February 19, 2010


UPDATE: I found a post from Justin Taylor that I think fits in so perfectly with my random stream of thoughts in this post. Check it out here.

So many people are in pain right now - be it physical, mental, emotional. Friends, parents, co-workers, relatives.

The desperation can sink in ever so slowly. Sometimes, though, it comes quickly like a torrent of early spring rain. It's different for each person.

Even this week I've seen it play it differently for both those I hold near and love dearly, and those I know from a distance (and love dearly as well).

Mostly we are taught to fear pain, to avoid it at all cost. The advice is: stay away from those whose mouthy barbs hurt; don't allow anyone close enough to know your deepest, darkest secrets; avoid the homeless or hitch-hikers because they just want to scam you or hurt you. (These are only what comes to mind now, at 5pm on a Friday; please excuse the randomness).

What happens when we turn this notion on its head and embrace pain instead?

Think about it. Imagine what it truly means to not despair because of cancer; or financial loss; or harsh criticism; or an imperfect body; or the countless other pains today. Try to feel the weight of your emotions and thoughts when pain strikes.

We say, "Oh, I know that I would not despair. The Lord is my hope/I am too strong for it/I don't think that situation warrants it." Or, in all honesty, we run away afraid, hurt, betrayed, angry, thinking we are full of much more wisdom than the One who orchestrates the situation that causes pain. "I deserve to despair; just give that much to me." is the anthem when the despair is all one feels in control of.

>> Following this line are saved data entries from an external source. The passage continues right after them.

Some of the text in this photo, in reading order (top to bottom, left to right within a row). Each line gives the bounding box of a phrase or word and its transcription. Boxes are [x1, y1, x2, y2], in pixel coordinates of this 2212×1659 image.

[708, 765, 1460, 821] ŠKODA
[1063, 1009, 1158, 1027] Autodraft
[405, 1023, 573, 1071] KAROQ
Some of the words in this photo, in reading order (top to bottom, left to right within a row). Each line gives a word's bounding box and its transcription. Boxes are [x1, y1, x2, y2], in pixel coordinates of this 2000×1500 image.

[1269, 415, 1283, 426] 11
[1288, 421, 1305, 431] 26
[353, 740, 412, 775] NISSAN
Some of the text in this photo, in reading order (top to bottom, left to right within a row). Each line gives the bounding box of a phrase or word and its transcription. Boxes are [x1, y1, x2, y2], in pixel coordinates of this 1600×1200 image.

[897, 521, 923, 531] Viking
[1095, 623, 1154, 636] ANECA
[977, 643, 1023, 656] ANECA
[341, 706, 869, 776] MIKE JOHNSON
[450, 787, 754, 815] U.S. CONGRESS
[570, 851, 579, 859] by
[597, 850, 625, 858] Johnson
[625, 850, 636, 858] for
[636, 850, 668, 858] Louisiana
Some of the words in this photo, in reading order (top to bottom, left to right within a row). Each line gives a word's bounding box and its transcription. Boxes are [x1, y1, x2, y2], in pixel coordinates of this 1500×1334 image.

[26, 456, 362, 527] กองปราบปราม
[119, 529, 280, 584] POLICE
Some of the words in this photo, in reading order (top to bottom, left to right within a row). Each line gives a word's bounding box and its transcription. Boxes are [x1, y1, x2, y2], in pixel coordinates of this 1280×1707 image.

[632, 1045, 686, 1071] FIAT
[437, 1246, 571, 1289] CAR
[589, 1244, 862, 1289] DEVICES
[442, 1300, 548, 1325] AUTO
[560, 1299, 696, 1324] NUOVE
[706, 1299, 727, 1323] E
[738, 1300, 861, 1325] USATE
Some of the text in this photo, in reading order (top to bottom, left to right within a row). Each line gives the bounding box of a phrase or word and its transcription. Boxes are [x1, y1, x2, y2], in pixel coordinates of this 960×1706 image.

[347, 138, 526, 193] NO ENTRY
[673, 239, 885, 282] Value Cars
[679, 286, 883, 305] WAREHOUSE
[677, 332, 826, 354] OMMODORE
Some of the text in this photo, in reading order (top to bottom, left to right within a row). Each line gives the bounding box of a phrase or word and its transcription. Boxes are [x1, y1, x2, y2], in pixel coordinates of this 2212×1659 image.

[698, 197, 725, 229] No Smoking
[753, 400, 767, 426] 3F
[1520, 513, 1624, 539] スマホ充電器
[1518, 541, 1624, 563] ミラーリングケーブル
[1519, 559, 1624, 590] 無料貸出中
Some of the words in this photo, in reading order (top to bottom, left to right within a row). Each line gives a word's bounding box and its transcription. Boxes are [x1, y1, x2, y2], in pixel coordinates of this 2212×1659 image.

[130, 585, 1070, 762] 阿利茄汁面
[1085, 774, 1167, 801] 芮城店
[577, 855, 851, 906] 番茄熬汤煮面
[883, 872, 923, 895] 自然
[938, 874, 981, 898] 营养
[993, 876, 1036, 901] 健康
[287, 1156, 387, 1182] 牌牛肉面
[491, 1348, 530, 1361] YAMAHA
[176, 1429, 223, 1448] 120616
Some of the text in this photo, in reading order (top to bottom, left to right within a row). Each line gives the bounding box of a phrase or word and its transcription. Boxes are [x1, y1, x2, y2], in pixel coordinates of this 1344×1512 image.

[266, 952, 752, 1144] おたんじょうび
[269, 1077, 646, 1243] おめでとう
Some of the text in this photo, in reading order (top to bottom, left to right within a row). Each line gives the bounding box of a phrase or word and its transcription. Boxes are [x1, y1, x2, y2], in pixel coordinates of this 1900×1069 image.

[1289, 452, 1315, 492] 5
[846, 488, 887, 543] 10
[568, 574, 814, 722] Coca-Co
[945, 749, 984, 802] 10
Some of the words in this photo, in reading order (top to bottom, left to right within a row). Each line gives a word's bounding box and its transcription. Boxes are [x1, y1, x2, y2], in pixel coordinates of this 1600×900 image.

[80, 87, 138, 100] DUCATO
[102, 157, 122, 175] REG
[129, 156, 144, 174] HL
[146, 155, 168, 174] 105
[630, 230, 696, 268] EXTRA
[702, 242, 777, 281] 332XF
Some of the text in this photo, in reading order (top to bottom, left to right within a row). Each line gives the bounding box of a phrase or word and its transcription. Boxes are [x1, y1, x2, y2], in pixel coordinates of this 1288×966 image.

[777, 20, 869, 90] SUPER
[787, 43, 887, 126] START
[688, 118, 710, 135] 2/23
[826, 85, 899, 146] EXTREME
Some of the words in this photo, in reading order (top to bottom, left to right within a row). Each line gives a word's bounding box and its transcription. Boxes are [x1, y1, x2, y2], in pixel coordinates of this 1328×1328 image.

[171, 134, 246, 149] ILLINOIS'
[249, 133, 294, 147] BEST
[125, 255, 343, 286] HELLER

Do you believe He is in control?

Do you believe He is good?

Do you believe that neither death nor life, nor angels nor rulers, nor things present nor things to come, nor powers, nor height nor depth, nor anything else in all creation, will be able to separate [you] from the love of God in Christ Jesus our Lord?


Repent. Now.

Turn to the One who holds all of creation in His hands, who catches all your desperate tears. He hears your cries of prayers, even when they sound more like groanings than words. He understands your anger, because He too watched as injustices took place against both others and Himself. He felt pain as you have, tasting betrayal stronger than most today will ever experience. He begged that the cup of suffering pass Him in His darkest hour. His body was pierced, torn, beaten, broken with pain so intense that He poured blood.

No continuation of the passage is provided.